Fully Automated Cassette‐Based Synthesis of 2‐Deoxy‐2‐[18F]Fluorocellobiose Using Trasis AllInOne Module

Abstract

ABSTRACTDue to the continuous rise in global incidence and severity of invasive fungal infections (IFIs), particularly among immunocompromised and immunodeficient patients, there is an urgent demand for swift and accurate fungal pathogen diagnosis. Therefore, the need for fungal‐specific positron emission tomography (PET) imaging agents that can detect the infection in the early stages is increasing. Cellobiose, a disaccharide, is readily metabolized by fungal pathogens such as Aspergillus species.

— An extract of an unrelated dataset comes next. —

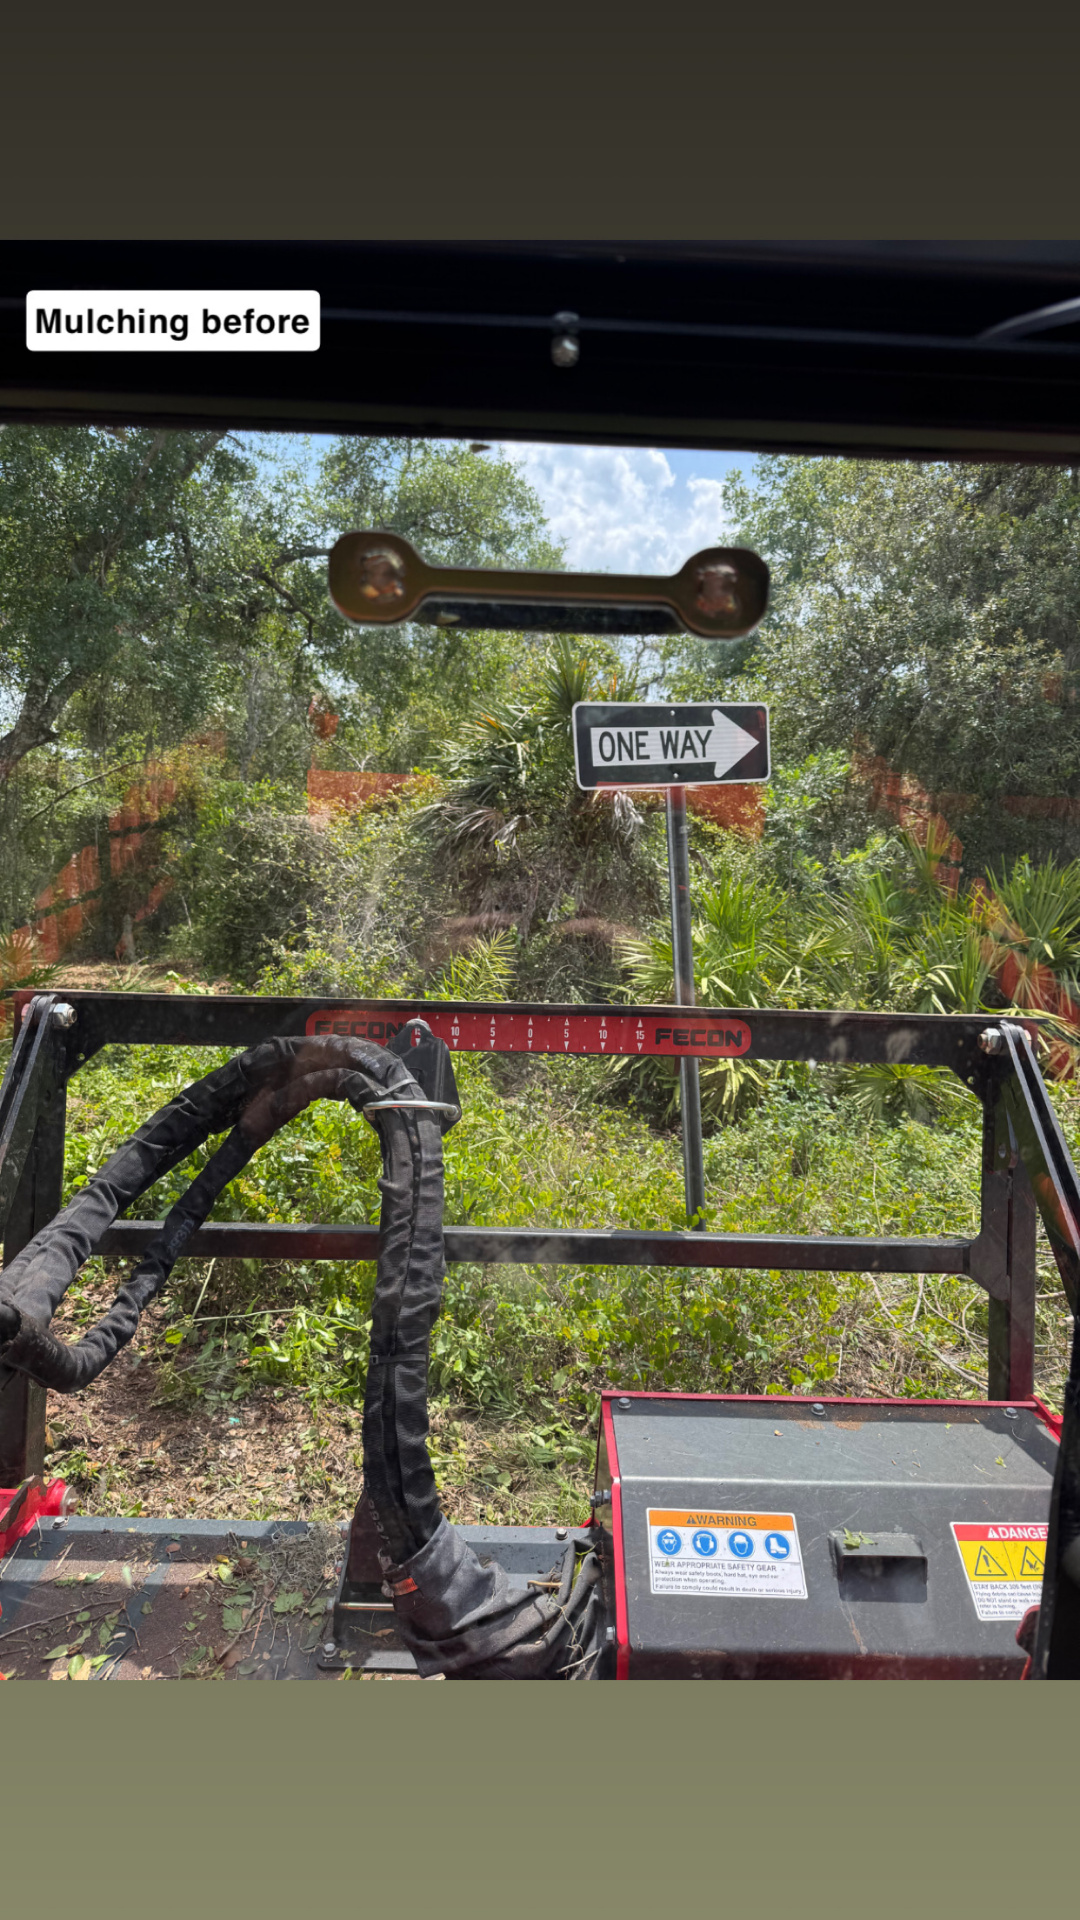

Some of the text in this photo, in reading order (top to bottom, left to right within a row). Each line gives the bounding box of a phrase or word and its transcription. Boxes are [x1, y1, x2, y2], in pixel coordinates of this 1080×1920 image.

Recently, our group reported fluorine‐18 labeled cellobiose, 2‐deoxy‐2‐[18F]fluorocellobiose ([18F]FCB), for specific imaging of Aspergillus infection. The positive imaging findings with very low background signal on delayed imaging make this ligand a promising fungal‐specific imaging ligand. Inspired by this result, the decision was made to automate the radiolabeling procedure for better reproducibility and to facilitate clinical translation. A Trasis AllInOne (Trasis AIO) automated module was used for this purpose. The reagent vials contain commercially available 2‐deoxy‐2‐[18F]fluoroglucose ([18F]FDG), glucose‐1‐phosphate, and enzyme (cellobiose phosphorylase). A Sep‐Pak cartridge was used to purify the tracer. The overall radiochemical yield was 50%–70% (n = 6, decay corrected) in 75‐min synthesis time with a radiochemical purity of > 98%. This is a highly reliable protocol to produce current good manufacturing practice (cGMP)–compliant [18F]FCB for clinical PET imaging.